= Exercise data =
Segment Open

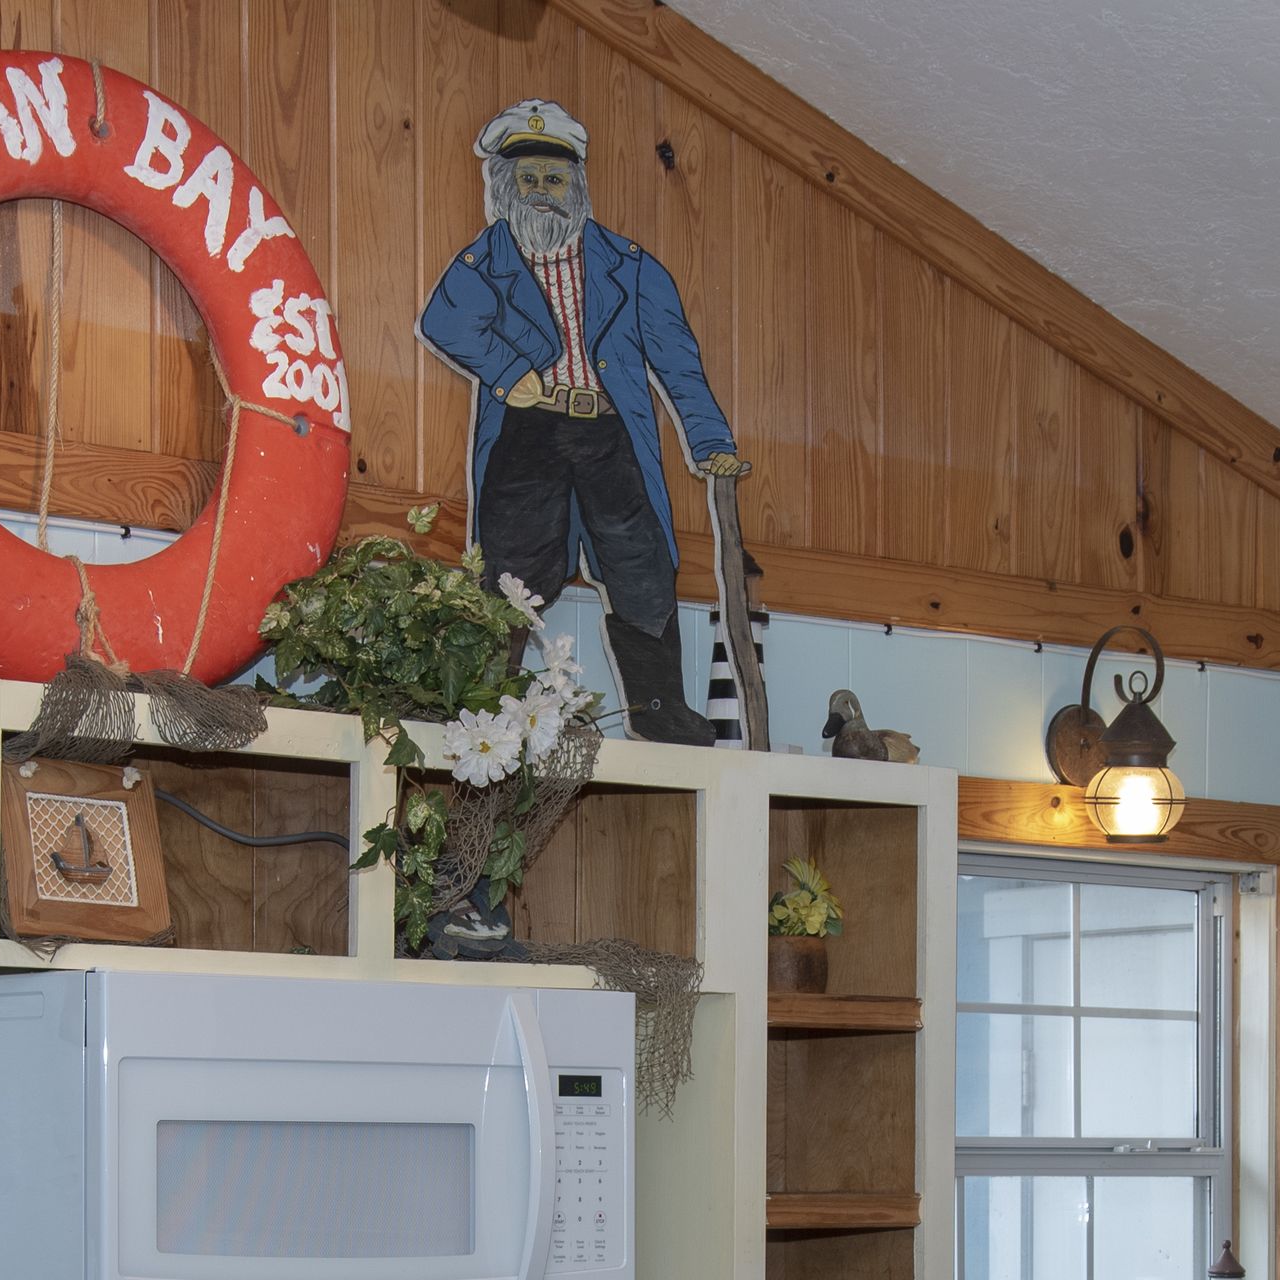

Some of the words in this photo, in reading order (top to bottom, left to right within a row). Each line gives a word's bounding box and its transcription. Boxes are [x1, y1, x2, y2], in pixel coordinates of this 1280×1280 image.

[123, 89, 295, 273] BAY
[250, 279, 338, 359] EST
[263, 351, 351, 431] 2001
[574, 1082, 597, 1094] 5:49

Segment Closed

Copy out the lines above in full and unaltered, apart from the pictures.

Some of the words in this photo, in reading order (top to bottom, left to right within a row). Each line gives a word's bounding box and its transcription. Boxes are [x1, y1, x2, y2], in pixel coordinates of this 1280×1280 image.

[123, 89, 295, 273] BAY
[250, 279, 338, 359] EST
[263, 351, 351, 431] 2001
[574, 1082, 597, 1094] 5:49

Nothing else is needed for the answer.